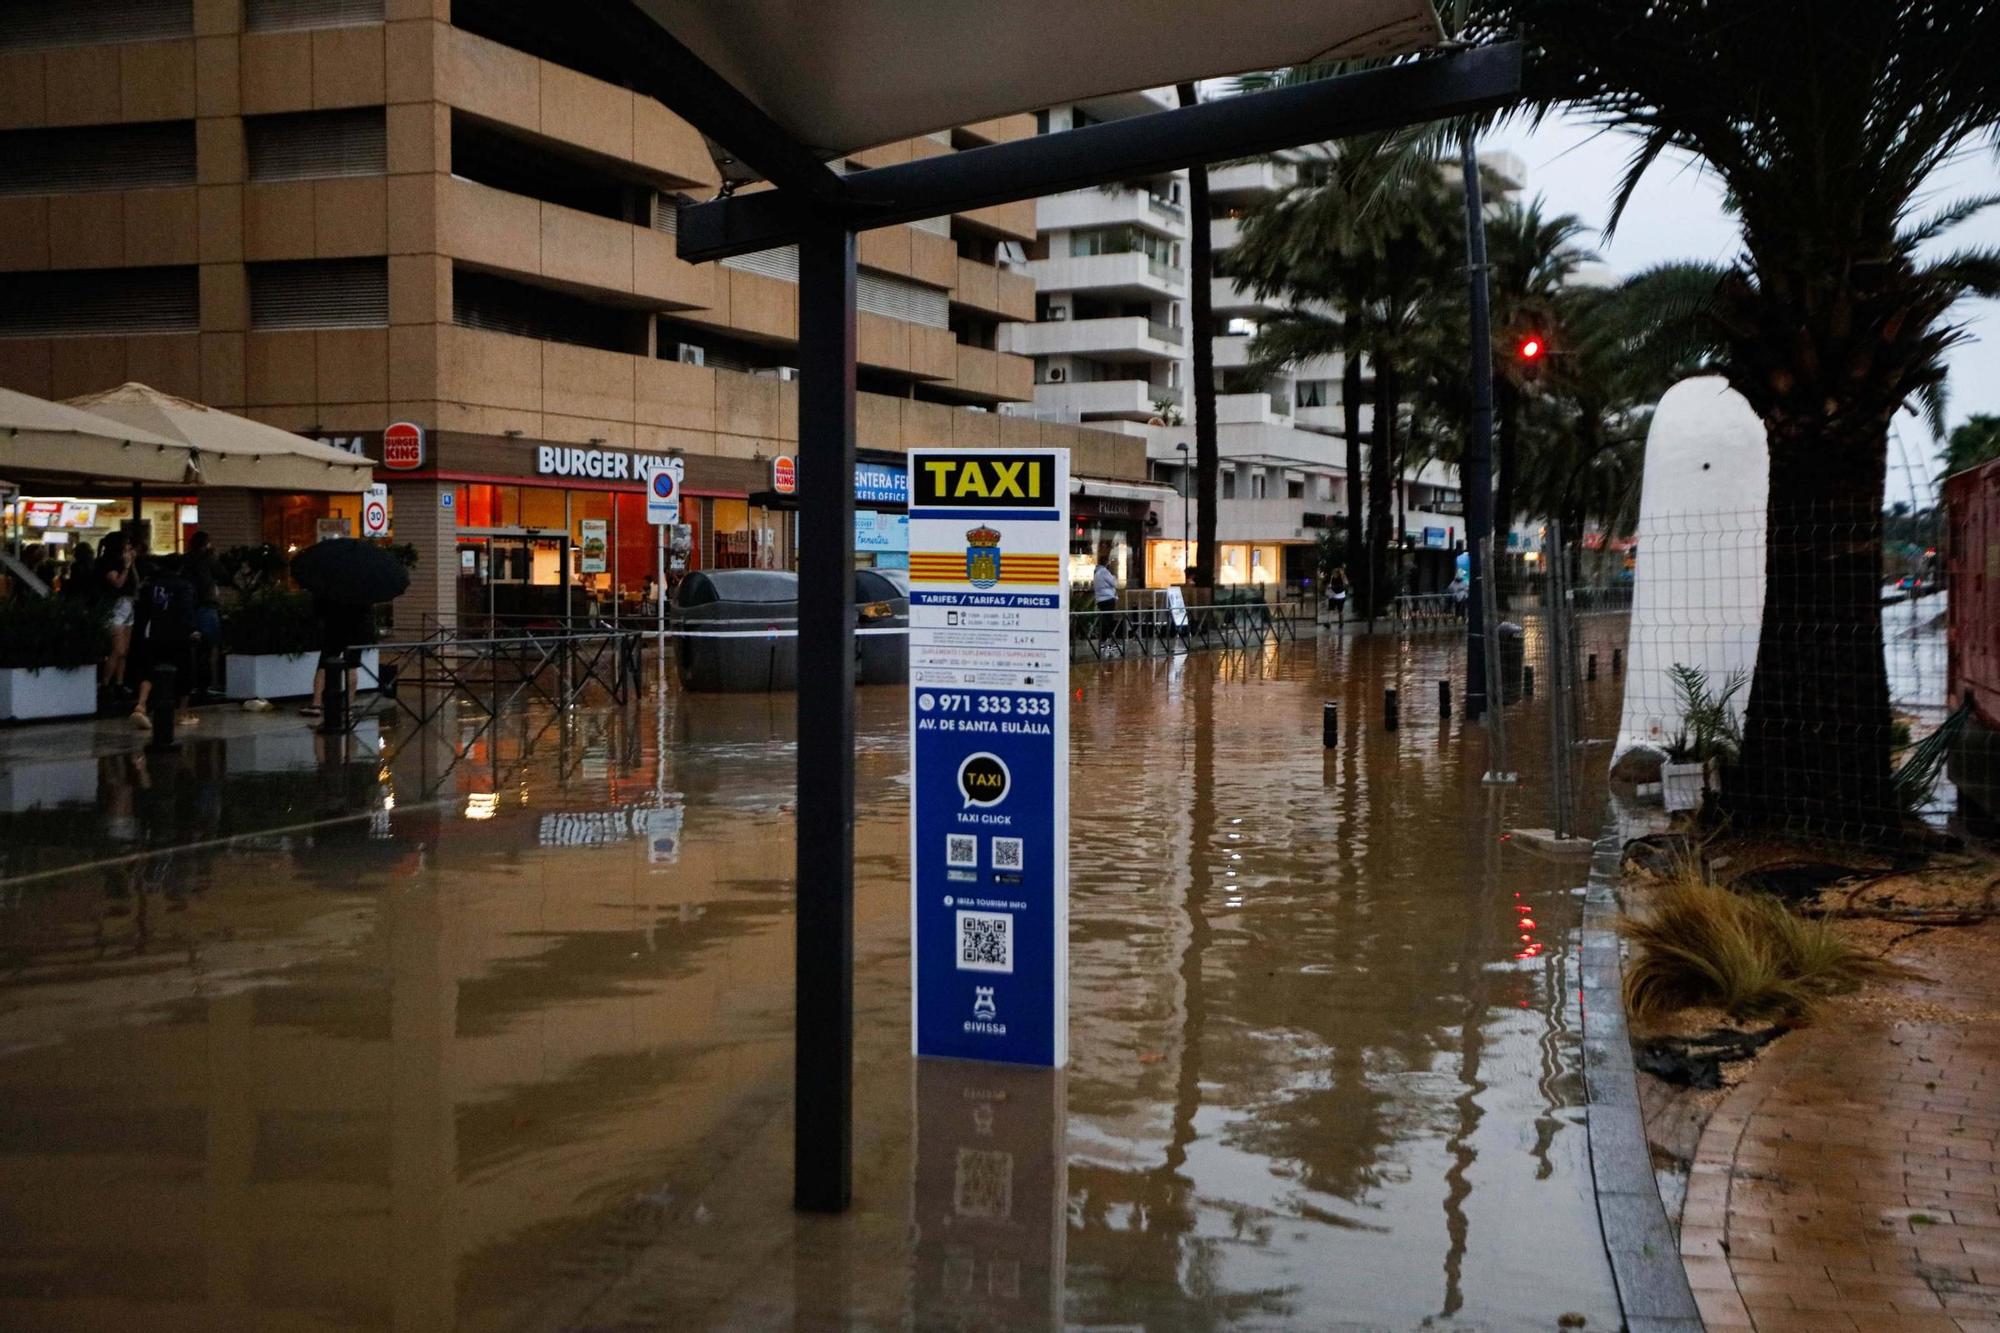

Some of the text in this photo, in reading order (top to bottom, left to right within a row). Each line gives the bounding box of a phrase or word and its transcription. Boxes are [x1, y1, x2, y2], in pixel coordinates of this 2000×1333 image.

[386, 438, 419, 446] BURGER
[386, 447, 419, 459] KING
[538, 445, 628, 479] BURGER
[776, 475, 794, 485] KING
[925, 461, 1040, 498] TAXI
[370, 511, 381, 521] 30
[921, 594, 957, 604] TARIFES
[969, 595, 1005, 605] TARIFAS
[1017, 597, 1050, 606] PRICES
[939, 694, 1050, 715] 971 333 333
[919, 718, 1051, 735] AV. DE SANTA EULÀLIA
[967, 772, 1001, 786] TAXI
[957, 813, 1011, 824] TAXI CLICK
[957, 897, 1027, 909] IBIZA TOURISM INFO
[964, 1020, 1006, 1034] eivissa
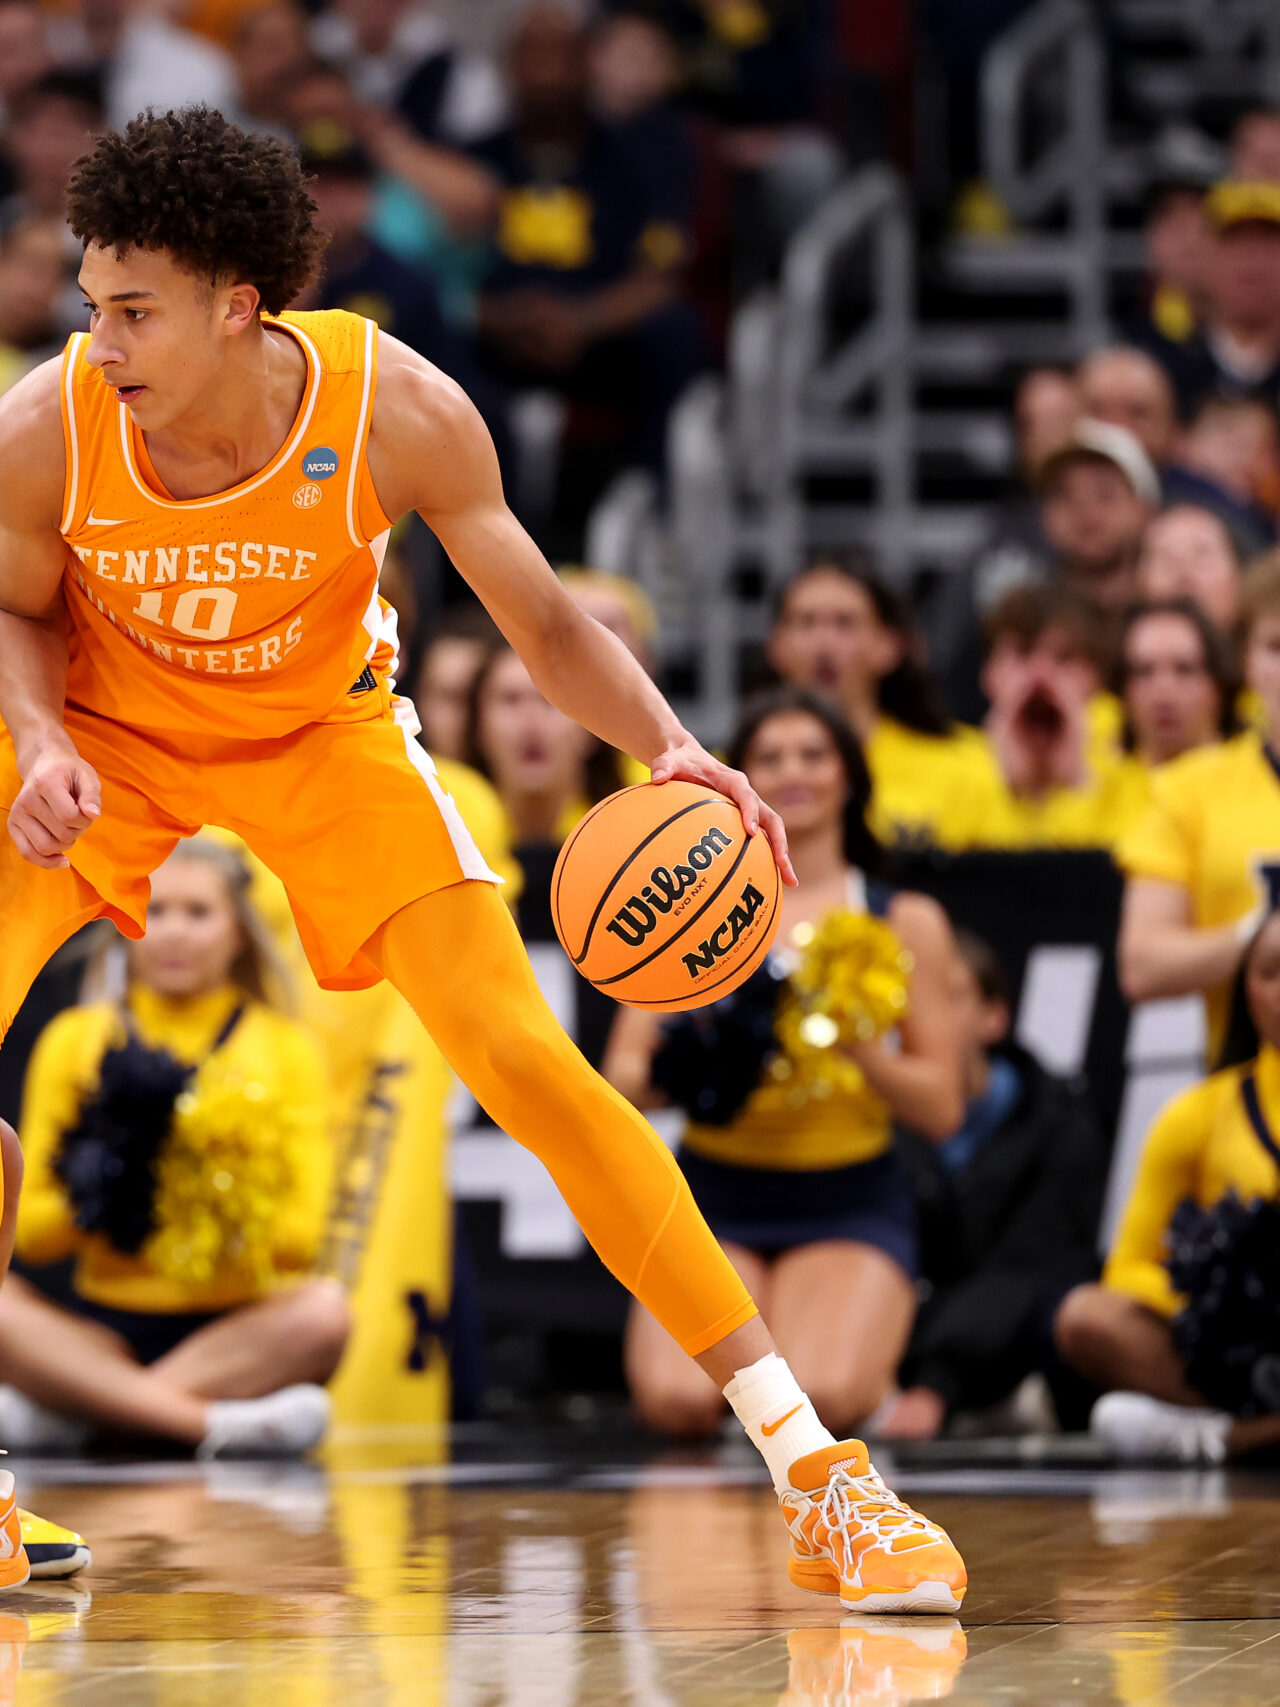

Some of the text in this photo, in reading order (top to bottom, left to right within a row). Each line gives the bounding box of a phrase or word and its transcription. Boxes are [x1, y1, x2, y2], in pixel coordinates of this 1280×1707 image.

Your task
Set aside the pictures. Then return every line of the material above verbatim.

Exercise result
Some of the text in this photo, in reading order (top to bottom, left to right within a row). Each line gives the bounding box of a phrase or word and its transcription. Boxes are [x1, y1, x2, y2], in pixel coordinates of this 2000×1333 image.

[386, 438, 419, 446] BURGER
[386, 447, 419, 459] KING
[538, 445, 628, 479] BURGER
[776, 475, 794, 485] KING
[925, 461, 1040, 498] TAXI
[370, 511, 381, 521] 30
[921, 594, 957, 604] TARIFES
[969, 595, 1005, 605] TARIFAS
[1017, 597, 1050, 606] PRICES
[939, 694, 1050, 715] 971 333 333
[919, 718, 1051, 735] AV. DE SANTA EULÀLIA
[967, 772, 1001, 786] TAXI
[957, 813, 1011, 824] TAXI CLICK
[957, 897, 1027, 909] IBIZA TOURISM INFO
[964, 1020, 1006, 1034] eivissa

Some of the text in this photo, in reading order (top to bottom, left to right within a row). Each line gives the bounding box of a phrase or word and its transcription. Boxes are [x1, y1, x2, y2], in pixel coordinates of this 1280×1707 image.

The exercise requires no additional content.